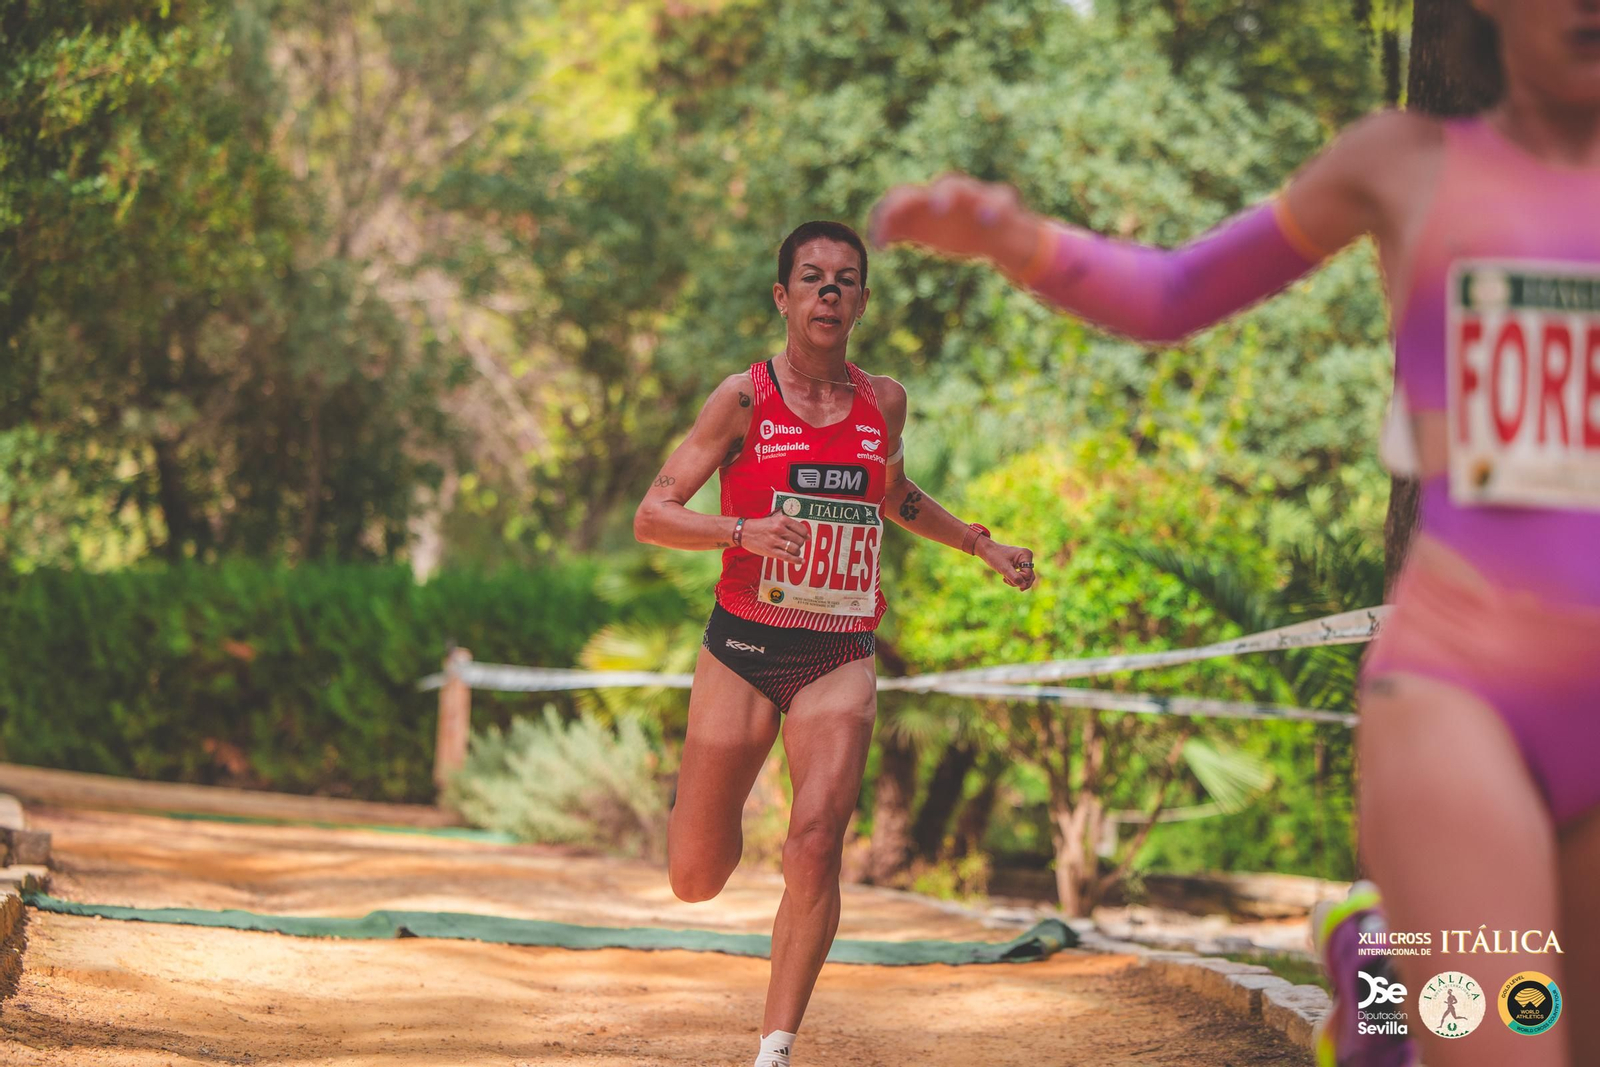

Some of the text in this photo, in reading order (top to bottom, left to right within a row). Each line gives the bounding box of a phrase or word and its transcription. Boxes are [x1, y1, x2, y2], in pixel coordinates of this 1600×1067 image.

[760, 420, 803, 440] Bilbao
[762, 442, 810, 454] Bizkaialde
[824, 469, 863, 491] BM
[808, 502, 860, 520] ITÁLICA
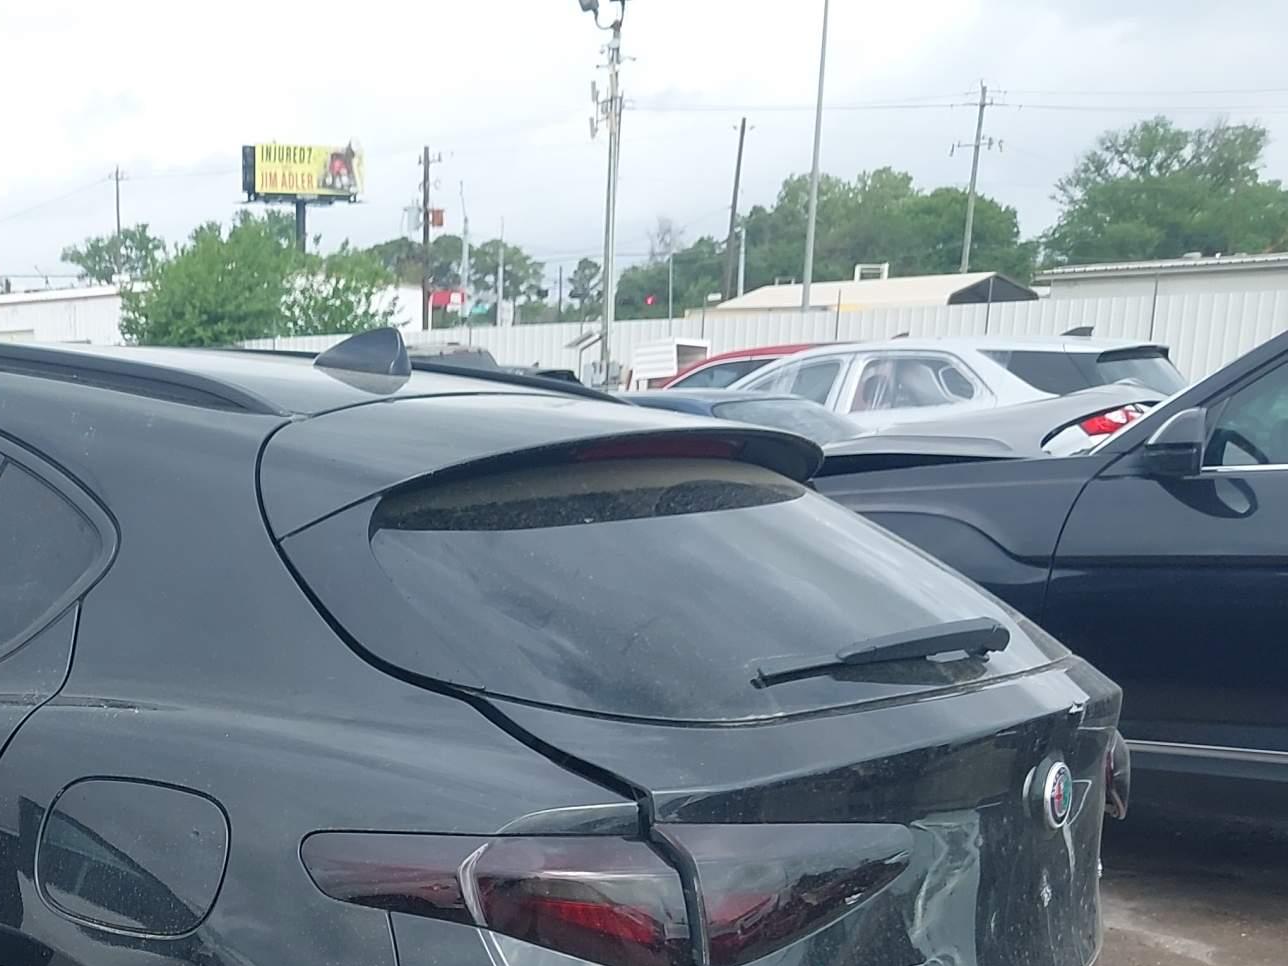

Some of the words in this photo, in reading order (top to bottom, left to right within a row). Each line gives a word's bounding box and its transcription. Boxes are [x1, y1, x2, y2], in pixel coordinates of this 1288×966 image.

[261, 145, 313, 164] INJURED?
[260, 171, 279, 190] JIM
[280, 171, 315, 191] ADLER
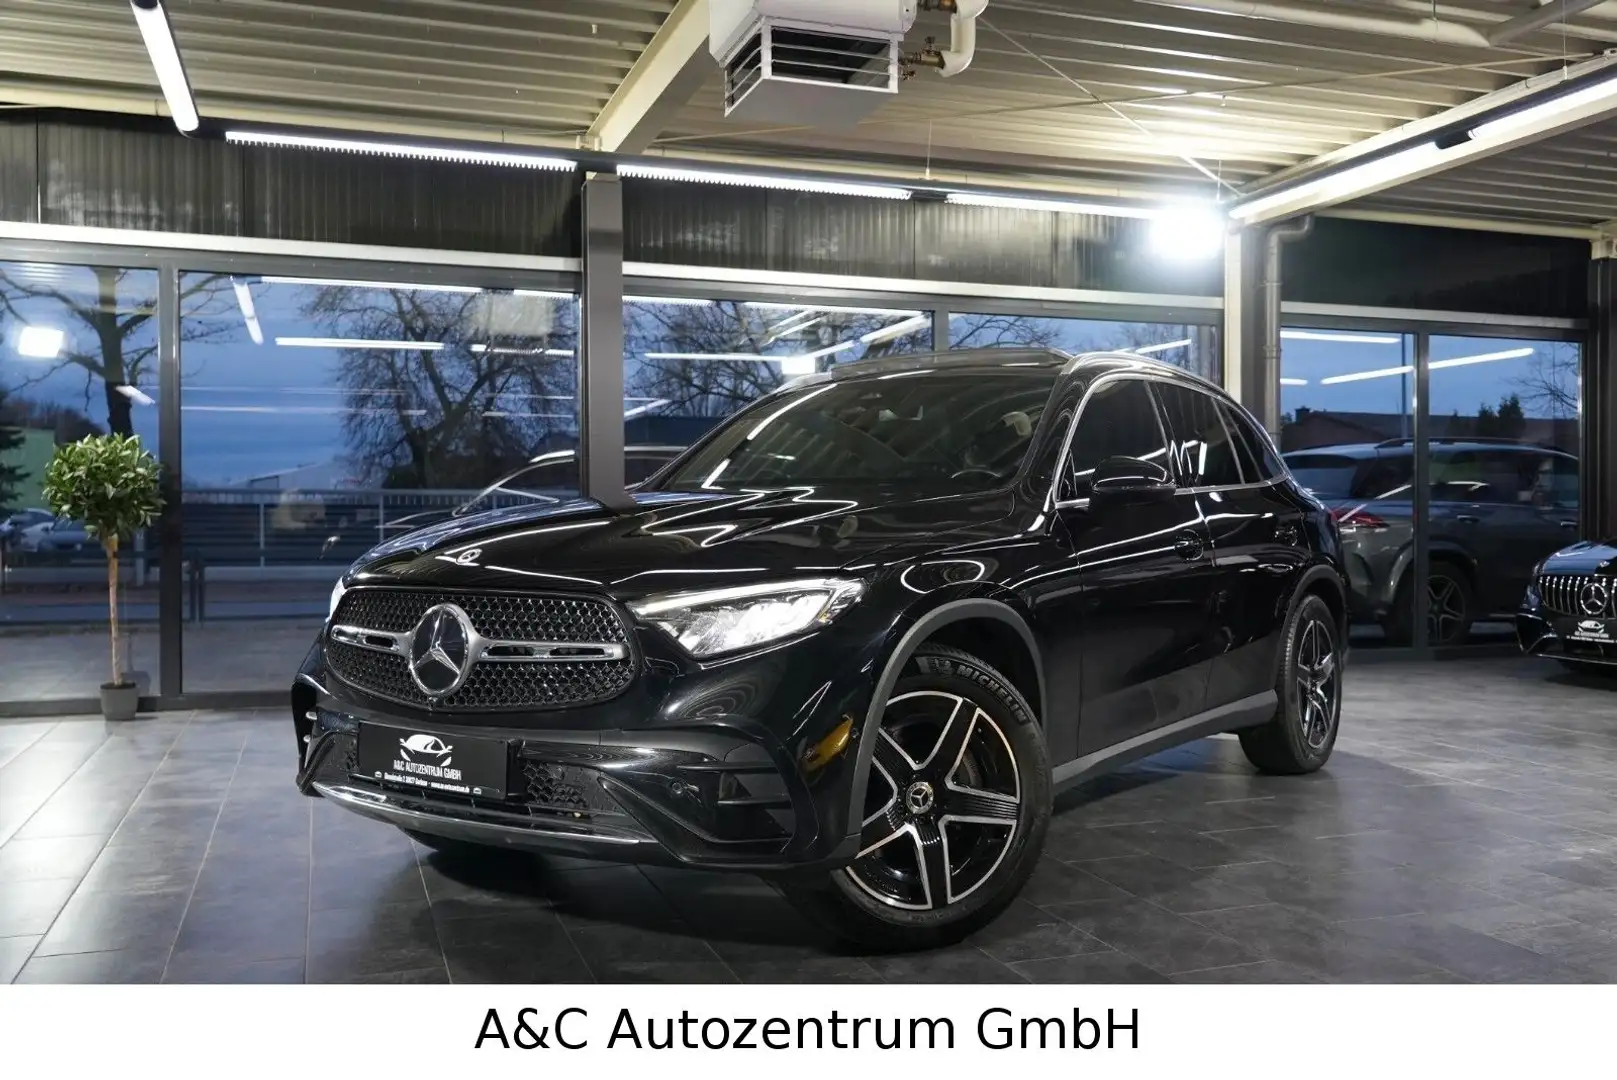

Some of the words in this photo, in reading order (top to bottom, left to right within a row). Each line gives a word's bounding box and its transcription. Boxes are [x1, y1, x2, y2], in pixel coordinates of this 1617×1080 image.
######
* **Exercise goal**
Copy out every line above, word for word, minus images.

* **Response area**
Some of the text in this photo, in reading order (top to bottom, left to right within a row). Each line gives the bounding box of a phrase or word and its transcription. Boxes are [x1, y1, x2, y2], in pixel coordinates of this 1600×1067 image.

[760, 420, 803, 440] Bilbao
[762, 442, 810, 454] Bizkaialde
[824, 469, 863, 491] BM
[808, 502, 860, 520] ITÁLICA

Some of the words in this photo, in reading order (top to bottom, left to right within a row). Each line gives a word's bounding box and its transcription. Boxes are [x1, y1, x2, y2], in pixel coordinates of this 1288×966 image.

[261, 145, 313, 164] INJURED?
[260, 171, 279, 190] JIM
[280, 171, 315, 191] ADLER

Some of the words in this photo, in reading order (top to bottom, left to right within a row). Each line gives a word's bounding box and its transcription. Boxes are [x1, y1, x2, y2], in pixel coordinates of this 1617×1080 image.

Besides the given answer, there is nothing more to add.